PROBLEM DESCRIPTION: No pictures should be carried over. Output all other parts of the entries verbatim.

(Collected data)
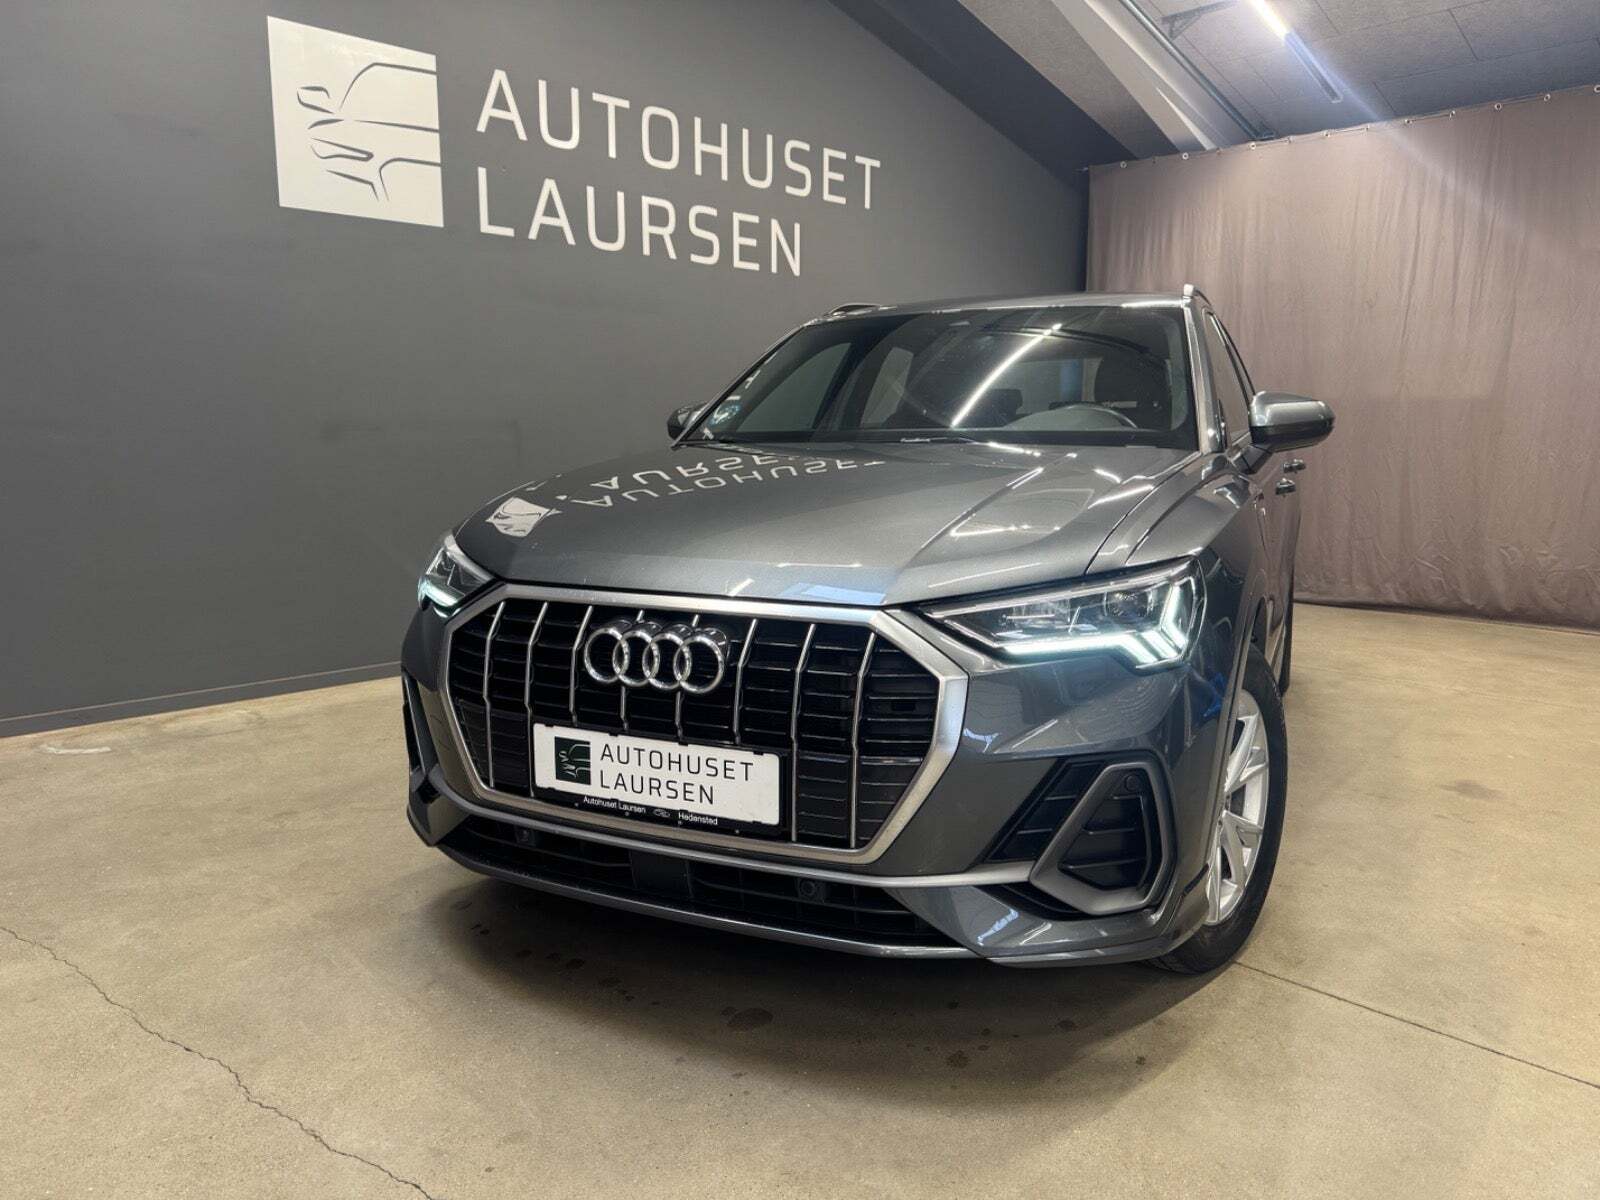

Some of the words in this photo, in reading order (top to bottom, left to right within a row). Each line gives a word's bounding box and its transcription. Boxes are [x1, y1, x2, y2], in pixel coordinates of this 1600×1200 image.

[475, 68, 881, 210] AUTOHUSET
[477, 166, 801, 278] LAURSEN
[600, 743, 754, 782] AUTOHUSET
[600, 769, 714, 805] LAURSEN
[583, 795, 617, 809] Autohuset
[619, 800, 647, 814] Laursen
[678, 811, 719, 826] Hedensted
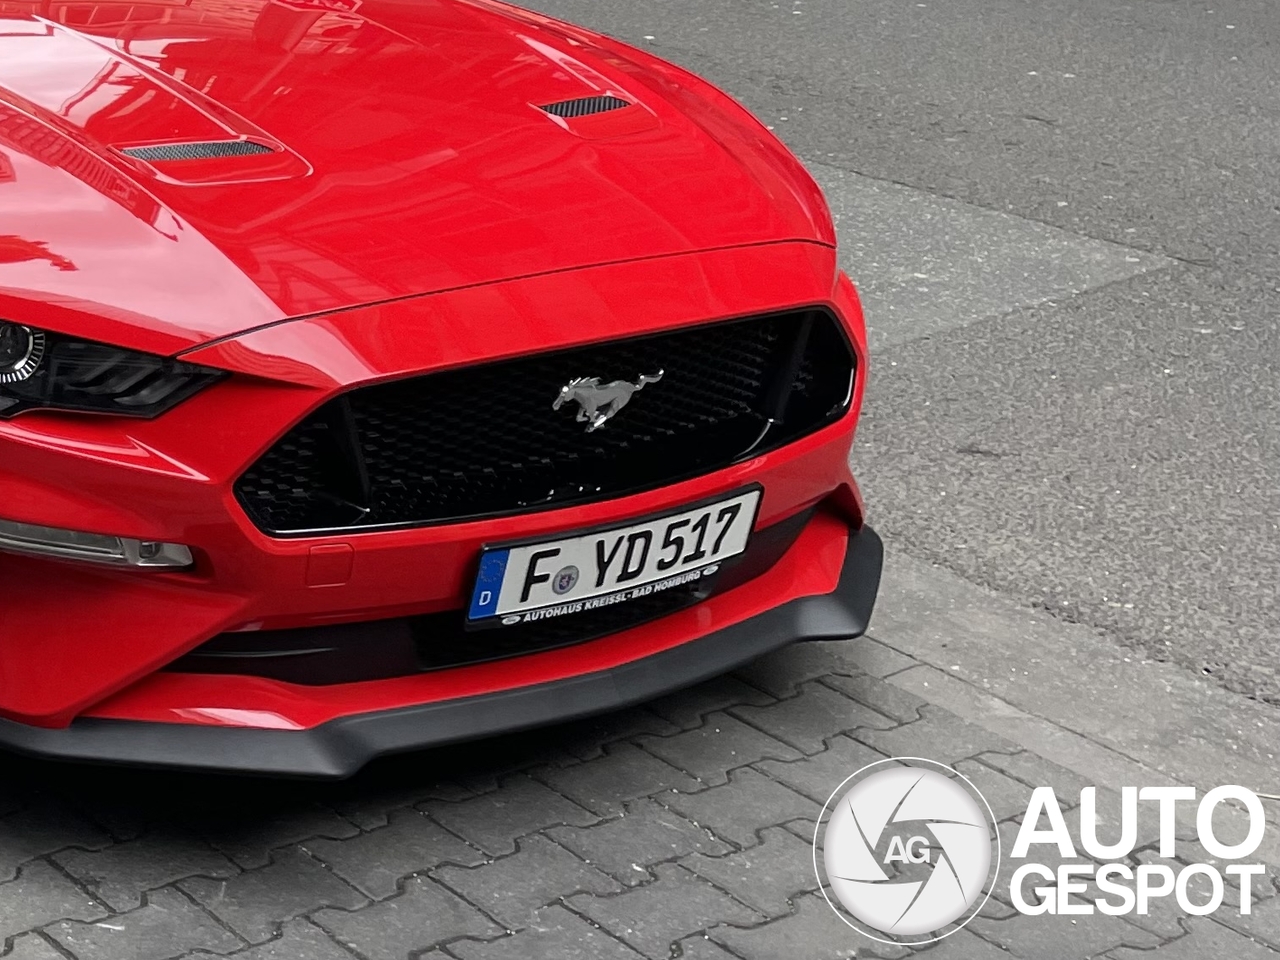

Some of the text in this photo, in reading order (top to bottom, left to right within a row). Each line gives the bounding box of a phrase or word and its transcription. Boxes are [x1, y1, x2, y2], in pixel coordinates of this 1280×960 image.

[519, 502, 742, 603] F YD 517
[478, 591, 491, 605] D
[523, 602, 583, 622] AUTOHAUS
[654, 570, 701, 592] HOMBURG
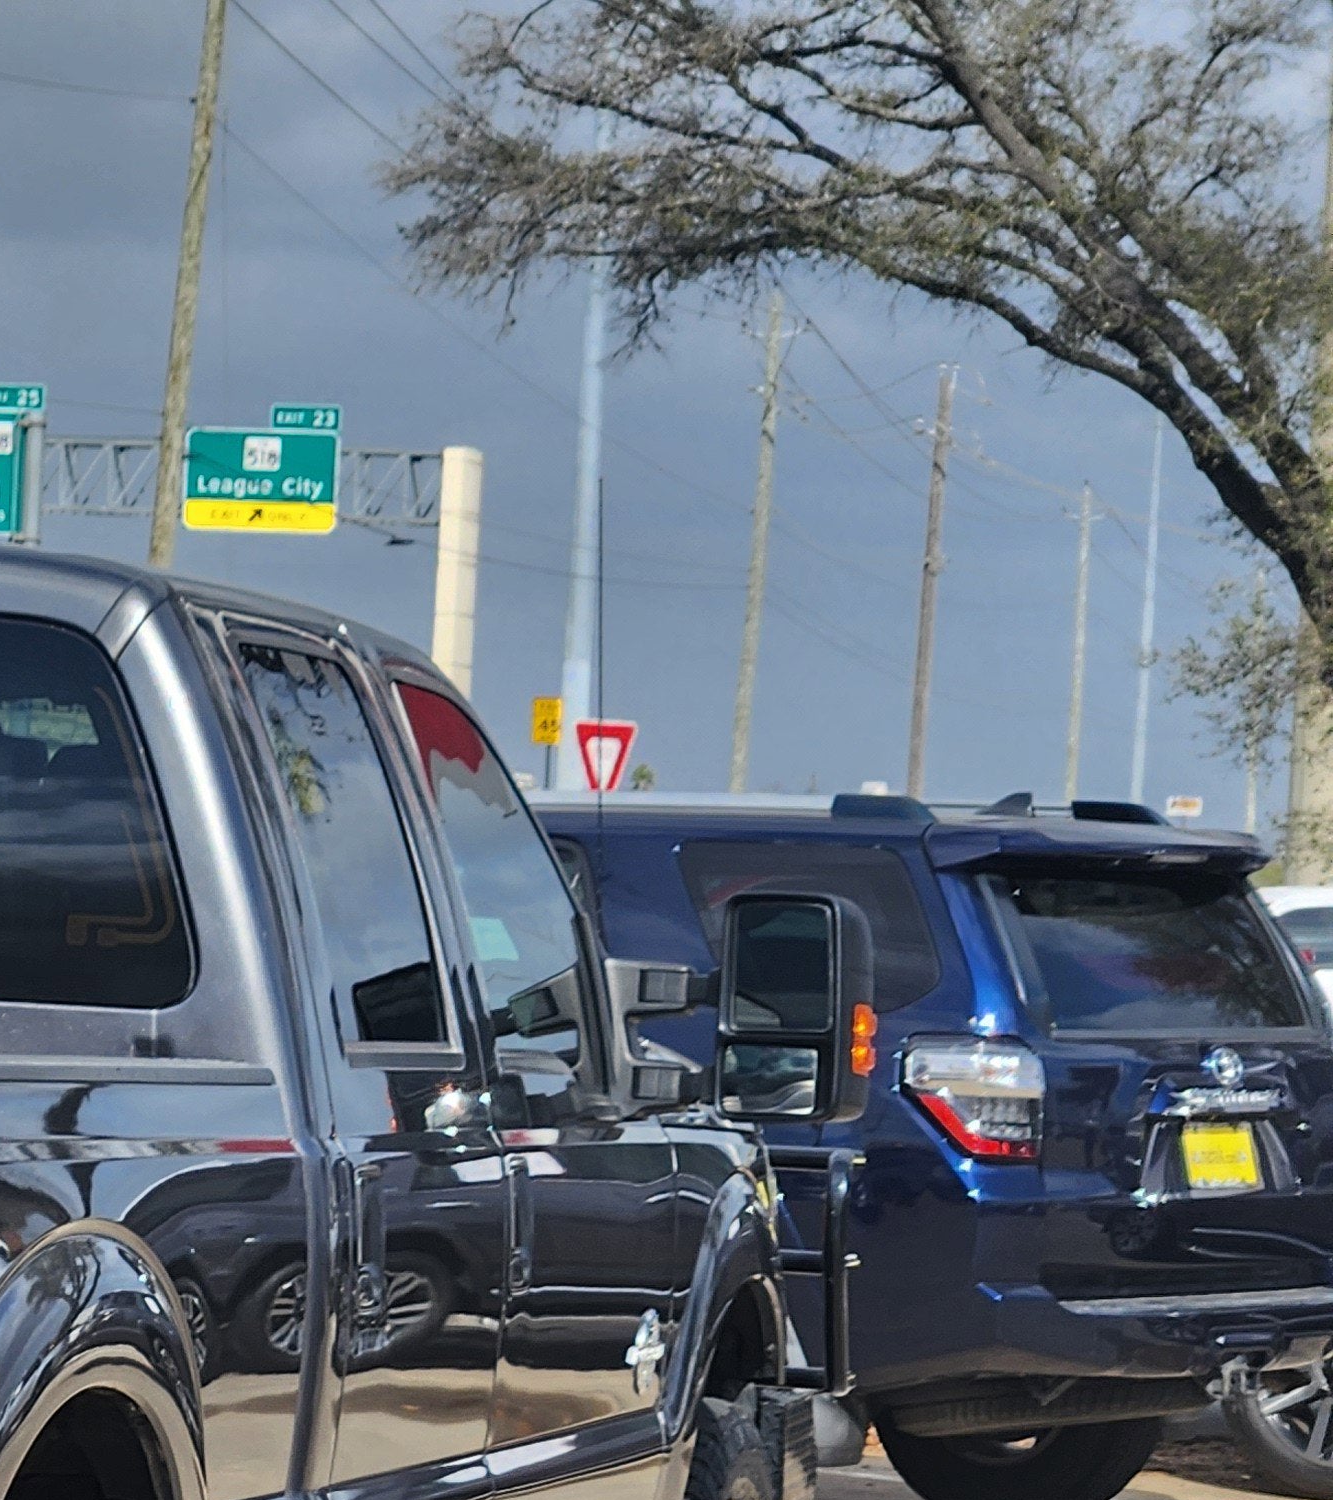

RESULT OF THIS EXERCISE:
Some of the words in this photo, in reading order (top to bottom, left to right within a row). Each line gives a word's bounding box and its transcription. Boxes are [x1, y1, x2, y2], in pixel coordinates of this 1600×1200 image.

[475, 68, 881, 210] AUTOHUSET
[477, 166, 801, 278] LAURSEN
[600, 743, 754, 782] AUTOHUSET
[600, 769, 714, 805] LAURSEN
[583, 795, 617, 809] Autohuset
[619, 800, 647, 814] Laursen
[678, 811, 719, 826] Hedensted

Some of the text in this photo, in reading order (top to bottom, left to right within a row). Each line gives the bounding box of a phrase or word and its transcription. Boxes are [x1, y1, x2, y2], in pixel coordinates of this 1280×960 image.

[519, 502, 742, 603] F YD 517
[478, 591, 491, 605] D
[523, 602, 583, 622] AUTOHAUS
[654, 570, 701, 592] HOMBURG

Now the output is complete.